Everybody is talking about Docker nowadays. What it is about? Do you remember Solaris Zones or Containers? It is more or less the same although development of Docker during the last years made Linux Containers the de-facto standard for deploying applications in a standardized and isolated way. Docker is build in a classical client server model: There is the docker server (or daemon) which servers the requests of docker clients. The client is the one you’ll use to tell the server what you want to do. The main difference from the classical client/server model is that docker uses the same binary for the server as well as for the client. It is just a matter of how you invoke the docker binary that makes it a server or client application. In contrast to the Solaris Zones Docker containers are stateless by default, that means: When you shutdown a docker container you’ll lose everything that was done when the container started to what happened when container got destroyed (Although there are ways to avoid that). This is important to remember.
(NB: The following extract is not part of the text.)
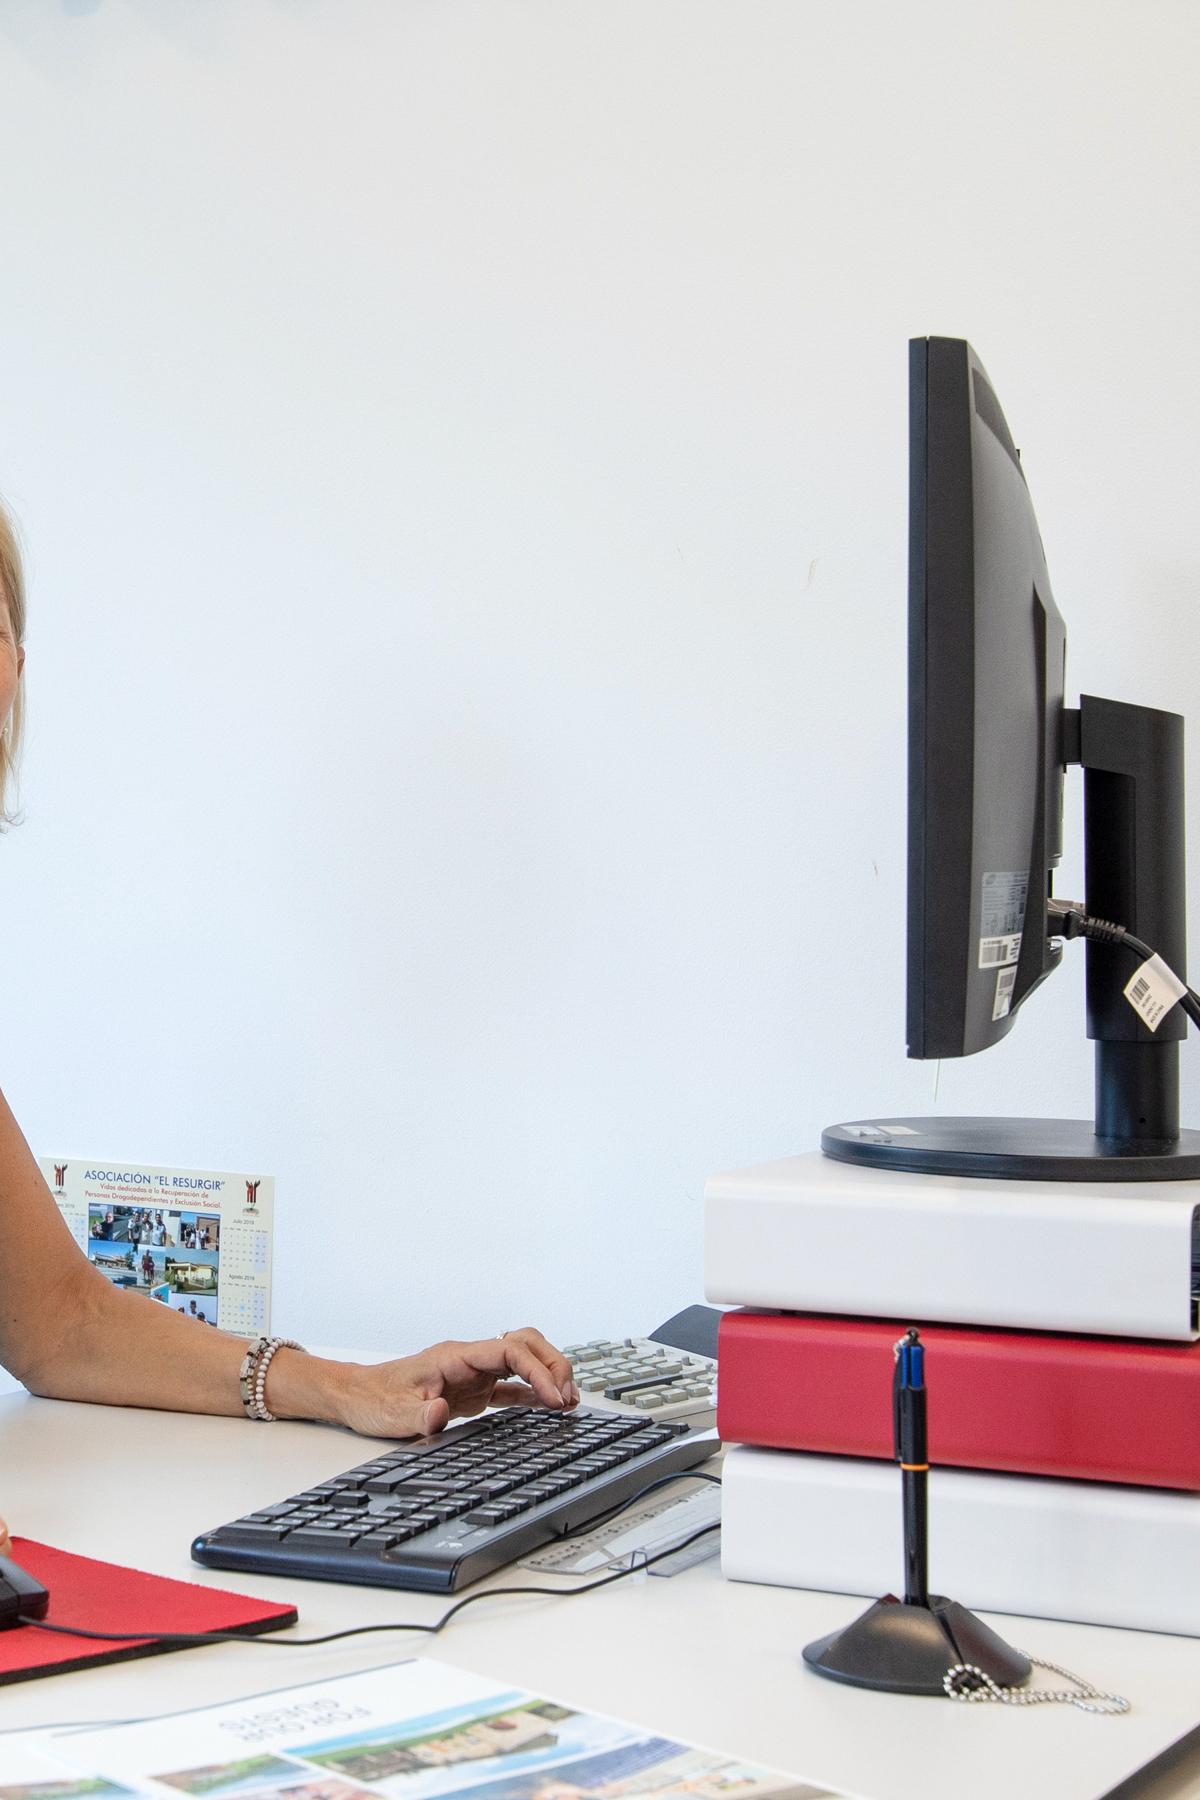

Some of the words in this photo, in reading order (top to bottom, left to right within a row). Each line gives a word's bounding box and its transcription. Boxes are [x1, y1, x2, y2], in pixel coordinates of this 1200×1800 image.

When you start a docker container on a host the host’s resources are shared with the container (Although you can limit that). It is not like when you fire up a virtual machine (which brings up an instance of a whole operating system) but more like a process that shares resources with the host it is running on. This might be as simple as running a “wget” command but it might be as complicated as bringing up a whole infrastructure that serves your service desk. Docker containers should be lightweight.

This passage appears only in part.